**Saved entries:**
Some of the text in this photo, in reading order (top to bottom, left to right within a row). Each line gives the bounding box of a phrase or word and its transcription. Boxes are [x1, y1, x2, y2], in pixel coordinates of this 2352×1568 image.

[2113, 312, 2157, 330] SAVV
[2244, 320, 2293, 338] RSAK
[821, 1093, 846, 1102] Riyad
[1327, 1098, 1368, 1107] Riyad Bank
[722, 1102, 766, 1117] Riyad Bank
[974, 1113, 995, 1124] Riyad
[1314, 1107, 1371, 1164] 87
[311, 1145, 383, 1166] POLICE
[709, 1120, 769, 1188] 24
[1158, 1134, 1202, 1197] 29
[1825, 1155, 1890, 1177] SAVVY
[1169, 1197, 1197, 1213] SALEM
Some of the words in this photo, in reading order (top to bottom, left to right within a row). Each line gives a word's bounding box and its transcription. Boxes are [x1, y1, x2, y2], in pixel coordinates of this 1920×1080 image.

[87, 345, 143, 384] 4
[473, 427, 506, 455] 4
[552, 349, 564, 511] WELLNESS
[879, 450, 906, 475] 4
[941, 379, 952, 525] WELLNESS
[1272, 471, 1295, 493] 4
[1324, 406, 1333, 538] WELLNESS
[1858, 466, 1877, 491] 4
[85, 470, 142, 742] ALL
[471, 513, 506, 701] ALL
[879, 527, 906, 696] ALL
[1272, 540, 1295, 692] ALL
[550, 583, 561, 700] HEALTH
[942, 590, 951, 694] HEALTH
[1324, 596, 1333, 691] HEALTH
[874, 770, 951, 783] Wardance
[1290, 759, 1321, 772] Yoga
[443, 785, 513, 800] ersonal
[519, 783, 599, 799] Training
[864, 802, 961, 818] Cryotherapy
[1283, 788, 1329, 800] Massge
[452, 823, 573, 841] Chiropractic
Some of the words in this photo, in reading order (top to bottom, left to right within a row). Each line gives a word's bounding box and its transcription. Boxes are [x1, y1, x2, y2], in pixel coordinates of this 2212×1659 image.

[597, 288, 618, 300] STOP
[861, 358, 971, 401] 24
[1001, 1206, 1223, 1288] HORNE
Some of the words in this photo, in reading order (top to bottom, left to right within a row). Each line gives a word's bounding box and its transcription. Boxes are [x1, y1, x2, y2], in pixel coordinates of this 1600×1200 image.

**WORK REQUEST:** Each record should be given again exactly as it reads.

**ANSWER TO THE PROBLEM:**
Some of the text in this photo, in reading order (top to bottom, left to right within a row). Each line gives the bounding box of a phrase or word and its transcription. Boxes are [x1, y1, x2, y2], in pixel coordinates of this 2352×1568 image.

[2113, 312, 2157, 330] SAVV
[2244, 320, 2293, 338] RSAK
[821, 1093, 846, 1102] Riyad
[1327, 1098, 1368, 1107] Riyad Bank
[722, 1102, 766, 1117] Riyad Bank
[974, 1113, 995, 1124] Riyad
[1314, 1107, 1371, 1164] 87
[311, 1145, 383, 1166] POLICE
[709, 1120, 769, 1188] 24
[1158, 1134, 1202, 1197] 29
[1825, 1155, 1890, 1177] SAVVY
[1169, 1197, 1197, 1213] SALEM
Some of the words in this photo, in reading order (top to bottom, left to right within a row). Each line gives a word's bounding box and its transcription. Boxes are [x1, y1, x2, y2], in pixel coordinates of this 1920×1080 image.

[87, 345, 143, 384] 4
[473, 427, 506, 455] 4
[552, 349, 564, 511] WELLNESS
[879, 450, 906, 475] 4
[941, 379, 952, 525] WELLNESS
[1272, 471, 1295, 493] 4
[1324, 406, 1333, 538] WELLNESS
[1858, 466, 1877, 491] 4
[85, 470, 142, 742] ALL
[471, 513, 506, 701] ALL
[879, 527, 906, 696] ALL
[1272, 540, 1295, 692] ALL
[550, 583, 561, 700] HEALTH
[942, 590, 951, 694] HEALTH
[1324, 596, 1333, 691] HEALTH
[874, 770, 951, 783] Wardance
[1290, 759, 1321, 772] Yoga
[443, 785, 513, 800] ersonal
[519, 783, 599, 799] Training
[864, 802, 961, 818] Cryotherapy
[1283, 788, 1329, 800] Massge
[452, 823, 573, 841] Chiropractic
Some of the words in this photo, in reading order (top to bottom, left to right within a row). Each line gives a word's bounding box and its transcription. Boxes are [x1, y1, x2, y2], in pixel coordinates of this 2212×1659 image.

[597, 288, 618, 300] STOP
[861, 358, 971, 401] 24
[1001, 1206, 1223, 1288] HORNE
Some of the words in this photo, in reading order (top to bottom, left to right within a row). Each line gives a word's bounding box and its transcription. Boxes are [x1, y1, x2, y2], in pixel coordinates of this 1600×1200 image.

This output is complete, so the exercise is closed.